An employee from a local clinic, Tweefontein A clinic, Sister Innocentia Manana (30) says the reason for the unavailability of the injections is because the Depot, where the treatment is ordered, is out of stock, “we are out of stock, the depot is out of stock so they cannot supply us with the injections at all clinics” explained Ms Manana. “ I can say that this is not just a provincial challenge but it has affected the whole nation, we started with not having Nar, the two month injection, in June and Depo, the one for three months we stopped receiving it in October, the little that we had is what we shared with other local clinics” she added.

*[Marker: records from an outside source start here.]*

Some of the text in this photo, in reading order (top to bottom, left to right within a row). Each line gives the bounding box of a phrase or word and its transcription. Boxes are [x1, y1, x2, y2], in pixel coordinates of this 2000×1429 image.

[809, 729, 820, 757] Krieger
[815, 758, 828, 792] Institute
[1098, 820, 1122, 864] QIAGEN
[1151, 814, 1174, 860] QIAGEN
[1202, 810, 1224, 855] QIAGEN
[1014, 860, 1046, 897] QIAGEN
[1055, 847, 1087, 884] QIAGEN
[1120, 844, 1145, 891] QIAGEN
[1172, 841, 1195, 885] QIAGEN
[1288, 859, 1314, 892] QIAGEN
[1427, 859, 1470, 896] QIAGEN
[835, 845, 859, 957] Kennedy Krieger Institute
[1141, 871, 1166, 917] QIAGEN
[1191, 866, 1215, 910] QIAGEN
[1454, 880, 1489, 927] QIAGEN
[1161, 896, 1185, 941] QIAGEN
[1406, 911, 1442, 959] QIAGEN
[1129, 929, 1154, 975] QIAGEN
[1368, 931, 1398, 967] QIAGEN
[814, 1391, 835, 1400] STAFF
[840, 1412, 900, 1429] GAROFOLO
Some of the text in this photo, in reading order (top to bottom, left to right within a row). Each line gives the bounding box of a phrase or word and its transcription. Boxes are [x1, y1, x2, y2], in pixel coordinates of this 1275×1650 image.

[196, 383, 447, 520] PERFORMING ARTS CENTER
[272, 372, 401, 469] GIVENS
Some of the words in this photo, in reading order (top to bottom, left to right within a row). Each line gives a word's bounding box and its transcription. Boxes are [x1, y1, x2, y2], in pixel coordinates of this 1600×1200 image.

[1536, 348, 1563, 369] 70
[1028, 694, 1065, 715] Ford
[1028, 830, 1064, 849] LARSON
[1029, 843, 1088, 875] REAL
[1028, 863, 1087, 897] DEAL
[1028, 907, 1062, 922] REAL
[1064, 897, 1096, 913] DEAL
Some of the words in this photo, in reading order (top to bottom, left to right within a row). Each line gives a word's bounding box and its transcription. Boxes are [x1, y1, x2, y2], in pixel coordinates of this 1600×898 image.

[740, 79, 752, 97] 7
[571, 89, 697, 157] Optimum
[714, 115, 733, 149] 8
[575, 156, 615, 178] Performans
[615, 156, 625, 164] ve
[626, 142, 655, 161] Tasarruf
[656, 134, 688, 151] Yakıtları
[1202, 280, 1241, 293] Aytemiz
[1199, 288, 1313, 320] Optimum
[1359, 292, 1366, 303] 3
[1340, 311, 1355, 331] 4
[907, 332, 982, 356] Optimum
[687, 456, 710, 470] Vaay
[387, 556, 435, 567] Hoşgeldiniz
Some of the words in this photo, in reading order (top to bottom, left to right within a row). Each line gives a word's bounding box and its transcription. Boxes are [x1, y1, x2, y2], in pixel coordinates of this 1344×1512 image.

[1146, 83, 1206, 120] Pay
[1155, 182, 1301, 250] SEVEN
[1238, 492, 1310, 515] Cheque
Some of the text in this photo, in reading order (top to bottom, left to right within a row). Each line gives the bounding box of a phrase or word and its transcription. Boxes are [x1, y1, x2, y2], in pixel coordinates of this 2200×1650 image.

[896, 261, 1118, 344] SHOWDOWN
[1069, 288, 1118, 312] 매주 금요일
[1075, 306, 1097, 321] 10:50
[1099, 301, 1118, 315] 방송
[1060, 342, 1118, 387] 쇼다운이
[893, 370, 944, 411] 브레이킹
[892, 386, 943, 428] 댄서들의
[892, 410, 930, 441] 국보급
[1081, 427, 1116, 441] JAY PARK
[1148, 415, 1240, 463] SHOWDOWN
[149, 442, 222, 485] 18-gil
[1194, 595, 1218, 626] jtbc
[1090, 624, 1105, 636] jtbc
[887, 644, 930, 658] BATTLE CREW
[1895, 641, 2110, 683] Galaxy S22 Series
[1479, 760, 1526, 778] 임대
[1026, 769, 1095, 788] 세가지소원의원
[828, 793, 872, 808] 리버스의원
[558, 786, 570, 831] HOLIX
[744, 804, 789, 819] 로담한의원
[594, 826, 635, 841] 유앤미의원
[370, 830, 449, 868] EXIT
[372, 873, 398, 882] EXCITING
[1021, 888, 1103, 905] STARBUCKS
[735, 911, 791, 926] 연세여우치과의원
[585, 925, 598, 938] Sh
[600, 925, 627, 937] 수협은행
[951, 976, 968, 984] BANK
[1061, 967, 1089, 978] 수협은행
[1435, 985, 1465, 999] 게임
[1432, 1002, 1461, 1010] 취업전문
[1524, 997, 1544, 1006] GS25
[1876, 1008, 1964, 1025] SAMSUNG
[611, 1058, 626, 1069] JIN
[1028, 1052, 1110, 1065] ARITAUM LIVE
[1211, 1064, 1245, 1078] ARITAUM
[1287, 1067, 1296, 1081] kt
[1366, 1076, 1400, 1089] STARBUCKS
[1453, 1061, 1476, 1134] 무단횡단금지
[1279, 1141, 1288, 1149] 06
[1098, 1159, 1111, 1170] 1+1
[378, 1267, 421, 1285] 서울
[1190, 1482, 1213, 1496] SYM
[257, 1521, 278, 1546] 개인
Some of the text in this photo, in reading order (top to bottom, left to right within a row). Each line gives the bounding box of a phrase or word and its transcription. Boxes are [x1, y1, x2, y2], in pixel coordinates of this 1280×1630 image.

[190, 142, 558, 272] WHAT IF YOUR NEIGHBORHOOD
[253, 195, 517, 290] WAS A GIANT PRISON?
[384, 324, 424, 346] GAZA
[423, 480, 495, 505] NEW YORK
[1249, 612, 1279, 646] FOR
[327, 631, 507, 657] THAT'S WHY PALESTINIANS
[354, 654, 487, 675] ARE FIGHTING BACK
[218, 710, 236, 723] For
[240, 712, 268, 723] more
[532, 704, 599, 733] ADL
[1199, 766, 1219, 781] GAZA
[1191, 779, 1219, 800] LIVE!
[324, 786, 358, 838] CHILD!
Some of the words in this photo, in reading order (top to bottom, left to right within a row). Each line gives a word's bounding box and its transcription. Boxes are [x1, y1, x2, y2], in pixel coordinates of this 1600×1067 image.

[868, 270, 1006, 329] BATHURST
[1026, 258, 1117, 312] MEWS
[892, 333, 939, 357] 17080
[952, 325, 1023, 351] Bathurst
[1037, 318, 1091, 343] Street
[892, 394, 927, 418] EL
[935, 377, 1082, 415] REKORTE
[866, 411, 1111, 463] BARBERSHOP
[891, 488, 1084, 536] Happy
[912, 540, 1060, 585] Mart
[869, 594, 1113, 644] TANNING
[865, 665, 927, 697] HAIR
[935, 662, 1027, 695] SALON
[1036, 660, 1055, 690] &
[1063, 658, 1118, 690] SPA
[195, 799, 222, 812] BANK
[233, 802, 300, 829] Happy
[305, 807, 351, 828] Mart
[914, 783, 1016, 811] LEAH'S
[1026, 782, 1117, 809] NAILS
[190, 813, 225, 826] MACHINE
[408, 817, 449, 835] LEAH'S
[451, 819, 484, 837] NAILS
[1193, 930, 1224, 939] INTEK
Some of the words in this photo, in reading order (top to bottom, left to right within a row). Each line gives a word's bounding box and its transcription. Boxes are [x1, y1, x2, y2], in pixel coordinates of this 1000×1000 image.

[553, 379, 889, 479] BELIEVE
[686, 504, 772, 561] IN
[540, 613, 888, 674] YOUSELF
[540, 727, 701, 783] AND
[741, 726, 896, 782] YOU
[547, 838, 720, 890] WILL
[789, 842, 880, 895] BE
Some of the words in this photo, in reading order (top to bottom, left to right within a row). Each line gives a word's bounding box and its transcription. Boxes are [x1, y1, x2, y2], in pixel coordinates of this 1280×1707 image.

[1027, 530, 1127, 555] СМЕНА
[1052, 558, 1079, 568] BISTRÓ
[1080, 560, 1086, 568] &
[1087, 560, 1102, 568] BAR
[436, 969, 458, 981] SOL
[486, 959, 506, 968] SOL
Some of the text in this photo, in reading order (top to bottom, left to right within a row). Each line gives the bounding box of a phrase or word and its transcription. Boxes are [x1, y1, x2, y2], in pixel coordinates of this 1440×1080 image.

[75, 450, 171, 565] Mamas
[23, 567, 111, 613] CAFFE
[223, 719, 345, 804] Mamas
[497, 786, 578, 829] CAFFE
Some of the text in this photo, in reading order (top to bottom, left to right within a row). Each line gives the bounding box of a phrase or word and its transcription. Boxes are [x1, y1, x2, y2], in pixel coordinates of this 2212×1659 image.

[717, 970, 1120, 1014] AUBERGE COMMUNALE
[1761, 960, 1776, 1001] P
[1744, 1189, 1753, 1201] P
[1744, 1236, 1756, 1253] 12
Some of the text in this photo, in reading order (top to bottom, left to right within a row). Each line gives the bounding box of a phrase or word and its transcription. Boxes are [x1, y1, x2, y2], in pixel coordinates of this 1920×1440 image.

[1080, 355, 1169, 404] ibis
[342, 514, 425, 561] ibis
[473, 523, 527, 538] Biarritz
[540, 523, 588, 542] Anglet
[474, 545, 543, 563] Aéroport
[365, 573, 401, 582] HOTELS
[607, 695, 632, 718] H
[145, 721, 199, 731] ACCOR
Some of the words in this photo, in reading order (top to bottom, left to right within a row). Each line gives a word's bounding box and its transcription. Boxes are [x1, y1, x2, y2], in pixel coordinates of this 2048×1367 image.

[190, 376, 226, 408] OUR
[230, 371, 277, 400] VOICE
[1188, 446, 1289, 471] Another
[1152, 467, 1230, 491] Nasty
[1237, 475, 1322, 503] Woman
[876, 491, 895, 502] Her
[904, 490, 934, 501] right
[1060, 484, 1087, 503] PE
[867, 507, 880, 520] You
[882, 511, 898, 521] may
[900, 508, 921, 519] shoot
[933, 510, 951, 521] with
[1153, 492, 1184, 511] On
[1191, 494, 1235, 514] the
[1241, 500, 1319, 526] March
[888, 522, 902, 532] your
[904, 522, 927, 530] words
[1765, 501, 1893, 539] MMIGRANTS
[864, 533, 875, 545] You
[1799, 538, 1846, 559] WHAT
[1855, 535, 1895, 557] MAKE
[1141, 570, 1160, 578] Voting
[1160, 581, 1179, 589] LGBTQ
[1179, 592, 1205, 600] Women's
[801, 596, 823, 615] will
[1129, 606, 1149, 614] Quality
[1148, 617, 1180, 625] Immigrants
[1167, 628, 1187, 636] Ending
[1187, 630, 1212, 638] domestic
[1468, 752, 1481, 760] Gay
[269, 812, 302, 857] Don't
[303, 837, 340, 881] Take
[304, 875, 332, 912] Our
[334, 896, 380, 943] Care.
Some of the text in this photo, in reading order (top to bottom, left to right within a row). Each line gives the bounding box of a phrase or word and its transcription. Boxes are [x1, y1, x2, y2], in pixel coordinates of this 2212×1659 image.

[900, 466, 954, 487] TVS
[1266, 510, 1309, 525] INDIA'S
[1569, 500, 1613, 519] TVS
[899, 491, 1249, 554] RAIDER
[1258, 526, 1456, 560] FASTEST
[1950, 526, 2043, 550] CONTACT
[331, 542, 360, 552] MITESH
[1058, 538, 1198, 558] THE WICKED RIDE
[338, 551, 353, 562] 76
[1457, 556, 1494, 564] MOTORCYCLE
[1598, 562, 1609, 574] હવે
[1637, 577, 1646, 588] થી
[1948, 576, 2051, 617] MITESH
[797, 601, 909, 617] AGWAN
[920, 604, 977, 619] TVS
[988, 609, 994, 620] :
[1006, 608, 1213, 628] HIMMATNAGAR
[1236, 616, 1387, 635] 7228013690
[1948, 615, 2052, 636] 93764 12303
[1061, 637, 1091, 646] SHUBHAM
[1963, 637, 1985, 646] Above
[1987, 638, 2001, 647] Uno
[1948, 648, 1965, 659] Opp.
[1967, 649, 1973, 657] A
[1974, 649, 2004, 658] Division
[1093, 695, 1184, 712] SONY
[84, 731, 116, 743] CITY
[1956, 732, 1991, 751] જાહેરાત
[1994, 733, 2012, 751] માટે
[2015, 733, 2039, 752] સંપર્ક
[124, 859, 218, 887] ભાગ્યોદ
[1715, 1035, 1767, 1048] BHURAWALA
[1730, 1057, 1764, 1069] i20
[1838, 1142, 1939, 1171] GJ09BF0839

She further on mentioned that different alternative methods that women can take, “as a clinic there’s not much that we can do but to advise women to condomise, take pills, we also have a Lube, which is a device we put inside a women’s private part. It is much reliable because it can be effective for about four years, so those are the alternative ways we advise them to take”.
Thembi Skhosana, who has been using the pills as contraceptives says they are safe but need someone who is responsible “prevention pills are safe but very risky, they need someone who is responsible, you have to make sure that you take them every day at a certain hour” said Thembi.
An anonymous source from Steve Biko Academic Hospital says the Nar injection has been cancelled after thorough research proved that using it for a long time affects the body bones, making them weak. The source further said that the Depo injection hasn’t been cancelled but is still under investigation. Getting a comment from the Mpumalanga Provincial Health department was unsuccessful.